The suppressive effects of oxcarbazepine on mechanical and cold allodynia in a rat model of neuropathic pain

Oxcarbazepine (OCBZ) is a keto analog of carbamazepine (CBZ) and may have similar analgesic properties to CBZ, but studies on its effects in neuropathic pain conditions are rare. In this study, we evaluated the analgesic effects of OCBZ in a rat neuropathic pain model. Male Sprague-Dawley rats were prepared by tightly ligating the left L5 and L6 spinal nerves to produce neuropathic pain. Sixty neuropathic rats were randomly assigned into six groups, and normal saline, a vehicle (polyethylene glycol 400), and OCBZ (10 mg/kg, 20 mg/kg, 30 mg/kg, and 50 mg/kg) were intraperitoneally administered to these individual groups. Mechanical and cold allodynia were observed at preadministration and 15, 30, 60, 90, 120, 150, and 180 min after drug administration and were quantified by measuring withdrawal frequencies to stimuli with von Frey filaments and 100% acetone, respectively.
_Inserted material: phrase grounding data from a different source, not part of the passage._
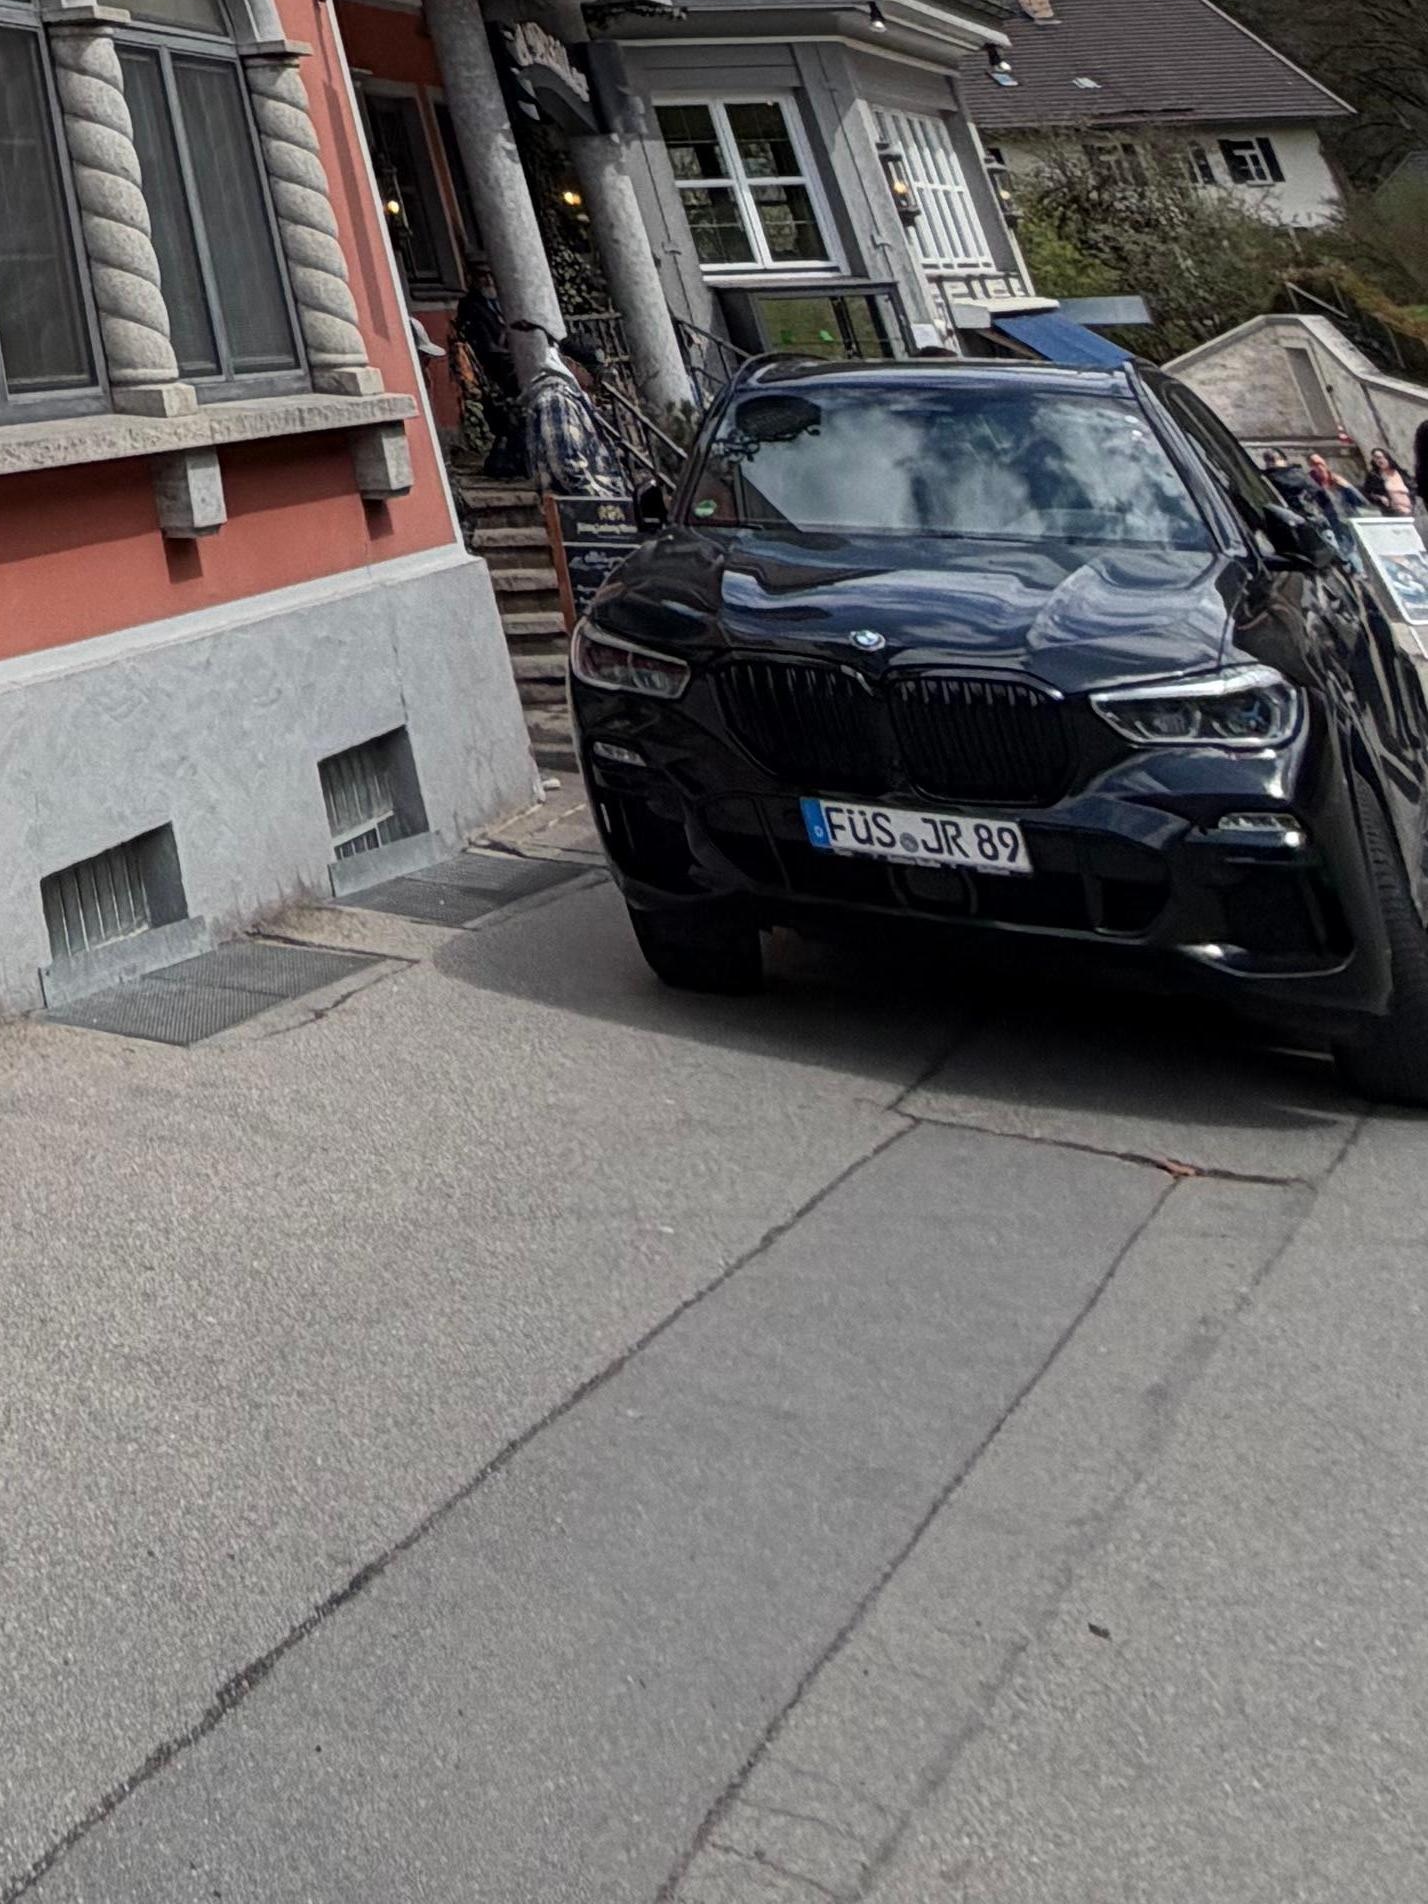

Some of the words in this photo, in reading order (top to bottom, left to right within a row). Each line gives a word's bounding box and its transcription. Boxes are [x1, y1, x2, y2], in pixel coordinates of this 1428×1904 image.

[824, 806, 895, 849] FÜS
[920, 817, 969, 859] JR
[973, 823, 1021, 863] 89
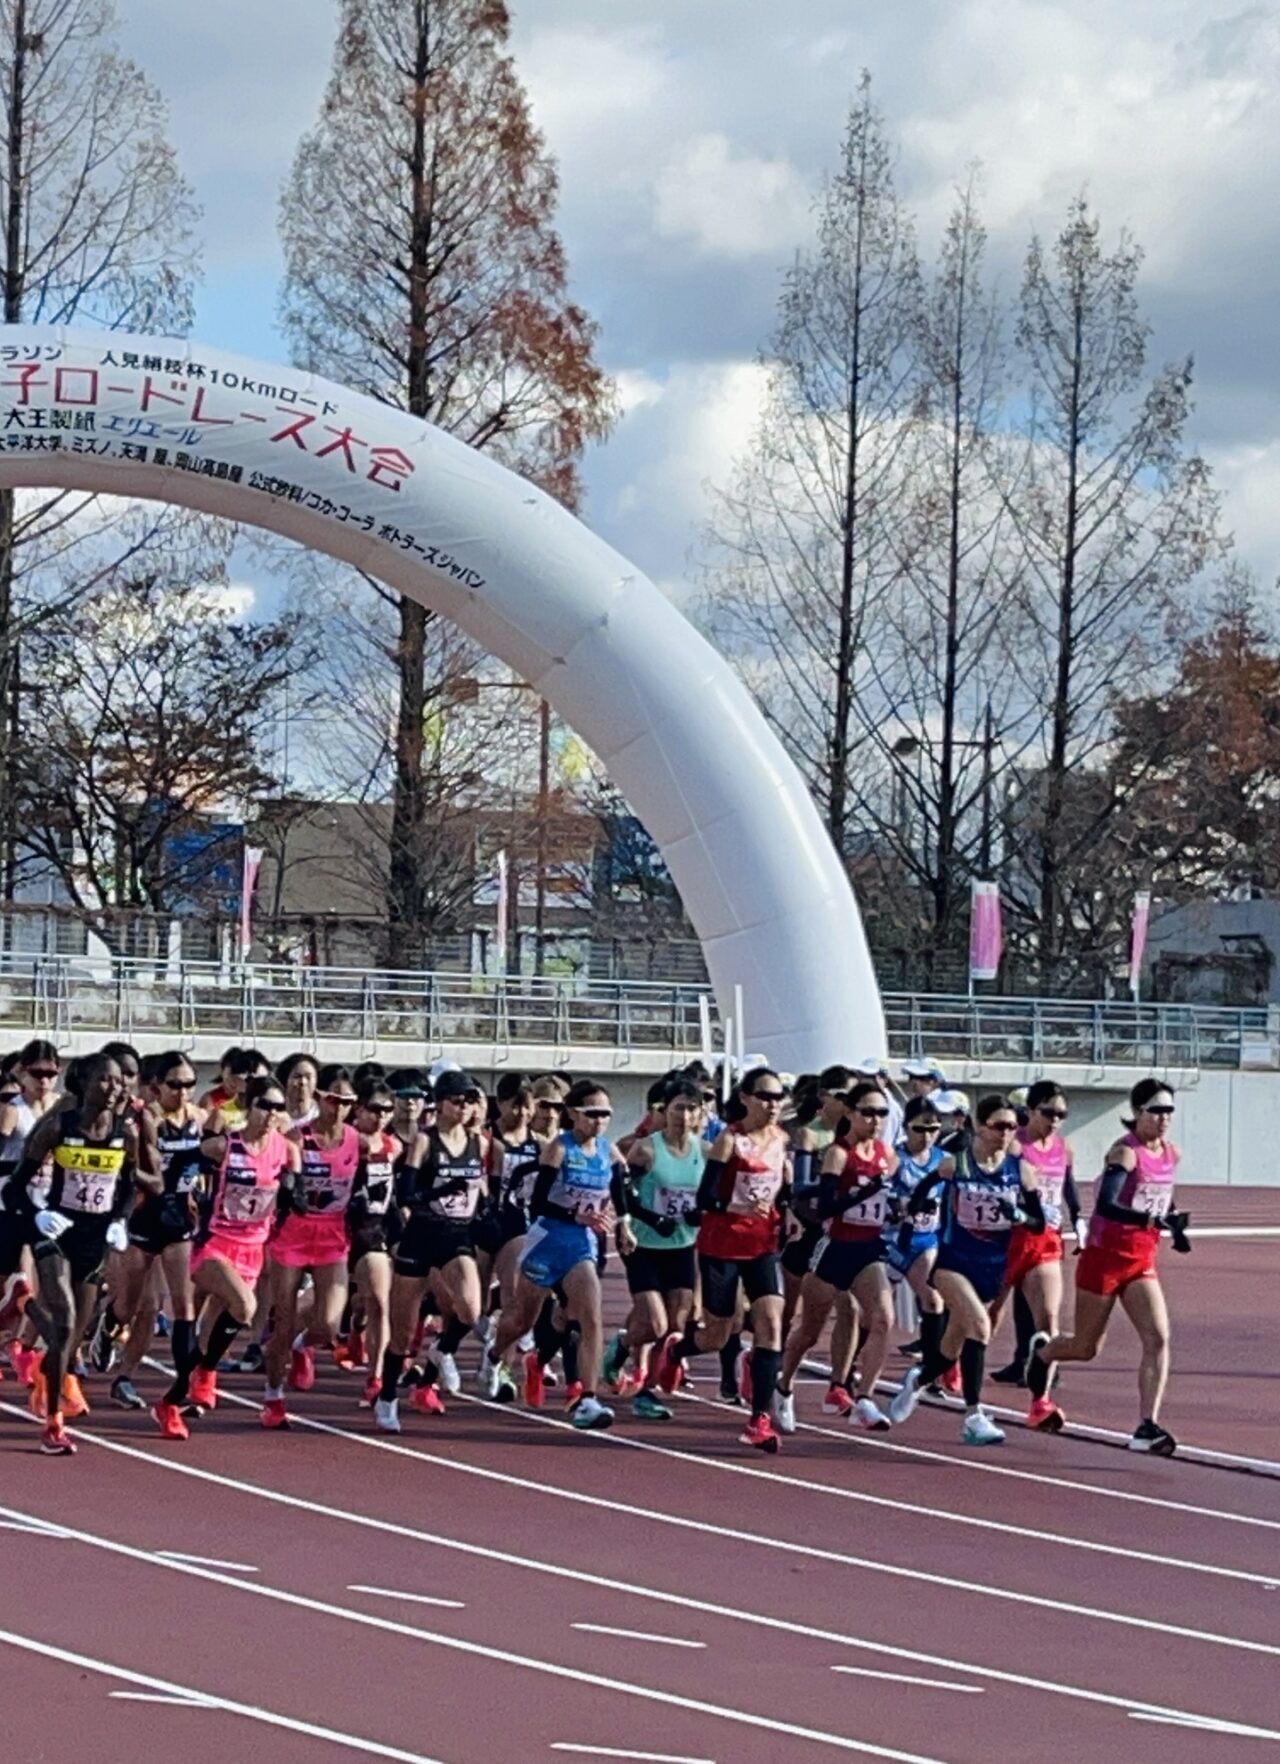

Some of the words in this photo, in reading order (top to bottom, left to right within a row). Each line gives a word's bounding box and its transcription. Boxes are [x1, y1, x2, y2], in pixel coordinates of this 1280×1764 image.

[100, 351, 340, 415] 人見絹枝杯10kmロード
[75, 1186, 105, 1206] 46
[860, 1202, 881, 1219] 11
[974, 1205, 1000, 1222] 13
Rotarod performance was measured to detect drug-induced adverse motor effects. In the OCBZ-treated groups, withdrawal frequencies to mechanical and cold stimuli were significantly reduced in a close-dependant manner (P < 0.05). Only at the largest dose did OCBZ reduce rotarod performance time. These results suggest that OCBZ may be a possible therapeutic consideration in neuropathic pain conditions associated with allodynia and hyperalgesia.